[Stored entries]
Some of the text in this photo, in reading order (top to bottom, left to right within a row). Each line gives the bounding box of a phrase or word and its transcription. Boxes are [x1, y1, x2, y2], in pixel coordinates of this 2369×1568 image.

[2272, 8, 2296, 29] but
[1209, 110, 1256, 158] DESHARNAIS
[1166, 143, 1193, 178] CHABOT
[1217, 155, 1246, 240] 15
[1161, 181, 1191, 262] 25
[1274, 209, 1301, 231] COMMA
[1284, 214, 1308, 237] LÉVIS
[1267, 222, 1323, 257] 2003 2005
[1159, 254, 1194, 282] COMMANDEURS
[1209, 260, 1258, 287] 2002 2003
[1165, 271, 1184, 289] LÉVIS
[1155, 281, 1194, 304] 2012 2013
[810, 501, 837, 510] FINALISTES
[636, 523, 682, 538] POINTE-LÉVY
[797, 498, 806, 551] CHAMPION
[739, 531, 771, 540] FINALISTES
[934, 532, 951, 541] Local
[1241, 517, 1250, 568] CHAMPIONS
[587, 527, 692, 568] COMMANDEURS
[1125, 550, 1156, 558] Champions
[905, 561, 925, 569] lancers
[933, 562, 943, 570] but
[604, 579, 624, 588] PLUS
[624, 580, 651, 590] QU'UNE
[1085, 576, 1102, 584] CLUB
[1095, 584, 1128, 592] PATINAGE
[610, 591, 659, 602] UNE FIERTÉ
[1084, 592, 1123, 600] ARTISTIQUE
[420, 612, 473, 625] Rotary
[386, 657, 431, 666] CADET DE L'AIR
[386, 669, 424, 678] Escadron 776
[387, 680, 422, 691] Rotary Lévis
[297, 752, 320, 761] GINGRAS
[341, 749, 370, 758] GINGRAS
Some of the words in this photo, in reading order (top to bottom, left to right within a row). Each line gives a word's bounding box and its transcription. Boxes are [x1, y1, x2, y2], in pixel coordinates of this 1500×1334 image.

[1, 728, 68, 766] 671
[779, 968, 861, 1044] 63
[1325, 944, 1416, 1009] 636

◆ DIRECTIONS FOR THIS TASK ◆
Copy out all of the data exactly, leaving nothing out.

◆ TASK RESULT ◆
Some of the text in this photo, in reading order (top to bottom, left to right within a row). Each line gives the bounding box of a phrase or word and its transcription. Boxes are [x1, y1, x2, y2], in pixel coordinates of this 2369×1568 image.

[2272, 8, 2296, 29] but
[1209, 110, 1256, 158] DESHARNAIS
[1166, 143, 1193, 178] CHABOT
[1217, 155, 1246, 240] 15
[1161, 181, 1191, 262] 25
[1274, 209, 1301, 231] COMMA
[1284, 214, 1308, 237] LÉVIS
[1267, 222, 1323, 257] 2003 2005
[1159, 254, 1194, 282] COMMANDEURS
[1209, 260, 1258, 287] 2002 2003
[1165, 271, 1184, 289] LÉVIS
[1155, 281, 1194, 304] 2012 2013
[810, 501, 837, 510] FINALISTES
[636, 523, 682, 538] POINTE-LÉVY
[797, 498, 806, 551] CHAMPION
[739, 531, 771, 540] FINALISTES
[934, 532, 951, 541] Local
[1241, 517, 1250, 568] CHAMPIONS
[587, 527, 692, 568] COMMANDEURS
[1125, 550, 1156, 558] Champions
[905, 561, 925, 569] lancers
[933, 562, 943, 570] but
[604, 579, 624, 588] PLUS
[624, 580, 651, 590] QU'UNE
[1085, 576, 1102, 584] CLUB
[1095, 584, 1128, 592] PATINAGE
[610, 591, 659, 602] UNE FIERTÉ
[1084, 592, 1123, 600] ARTISTIQUE
[420, 612, 473, 625] Rotary
[386, 657, 431, 666] CADET DE L'AIR
[386, 669, 424, 678] Escadron 776
[387, 680, 422, 691] Rotary Lévis
[297, 752, 320, 761] GINGRAS
[341, 749, 370, 758] GINGRAS
Some of the words in this photo, in reading order (top to bottom, left to right within a row). Each line gives a word's bounding box and its transcription. Boxes are [x1, y1, x2, y2], in pixel coordinates of this 1500×1334 image.

[1, 728, 68, 766] 671
[779, 968, 861, 1044] 63
[1325, 944, 1416, 1009] 636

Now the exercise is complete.